| WORK TO BE COMPLETED |
Leaving out every image, restate all the records word for word.

+++ DATASET RECORDS

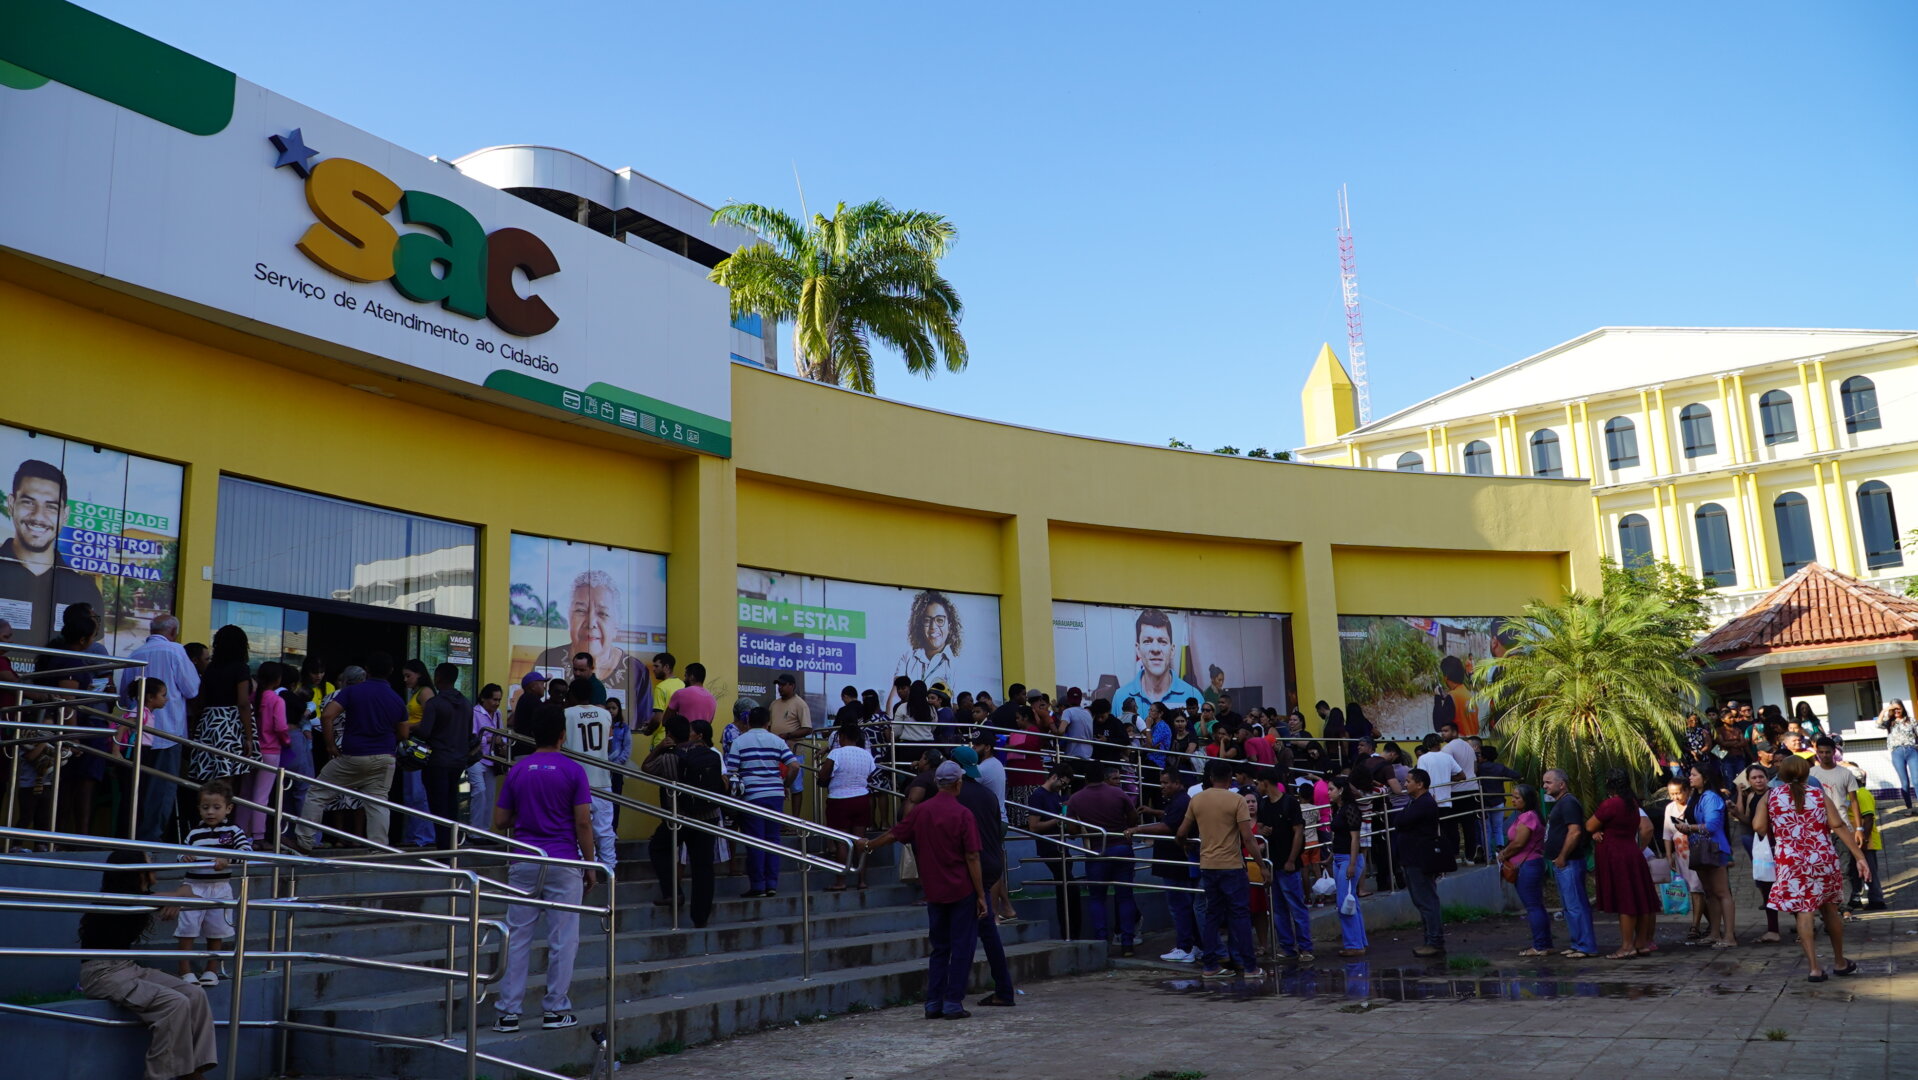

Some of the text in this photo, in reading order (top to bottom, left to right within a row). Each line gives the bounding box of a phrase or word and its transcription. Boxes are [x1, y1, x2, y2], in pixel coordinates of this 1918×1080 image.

[254, 262, 559, 374] Serviço de Atendimento ao Cidadão
[75, 502, 168, 529] SOCIEDADE
[101, 521, 120, 535] SE
[71, 543, 107, 559] COM
[72, 529, 156, 553] CONSTRÓI
[70, 557, 161, 580] CIDADANIA
[739, 603, 777, 624] BEM
[793, 610, 850, 632] ESTAR
[450, 636, 471, 644] VAGAS
[739, 634, 843, 658] É cuidar de si para
[739, 653, 843, 671] cuidar do próximo
[580, 711, 599, 719] VASCO
[577, 721, 603, 752] 10

++++++

| REPLY TO THE EXERCISE |
Some of the text in this photo, in reading order (top to bottom, left to right within a row). Each line gives the bounding box of a phrase or word and its transcription. Boxes are [x1, y1, x2, y2], in pixel coordinates of this 1918×1080 image.

[254, 262, 559, 374] Serviço de Atendimento ao Cidadão
[75, 502, 168, 529] SOCIEDADE
[101, 521, 120, 535] SE
[71, 543, 107, 559] COM
[72, 529, 156, 553] CONSTRÓI
[70, 557, 161, 580] CIDADANIA
[739, 603, 777, 624] BEM
[793, 610, 850, 632] ESTAR
[450, 636, 471, 644] VAGAS
[739, 634, 843, 658] É cuidar de si para
[739, 653, 843, 671] cuidar do próximo
[580, 711, 599, 719] VASCO
[577, 721, 603, 752] 10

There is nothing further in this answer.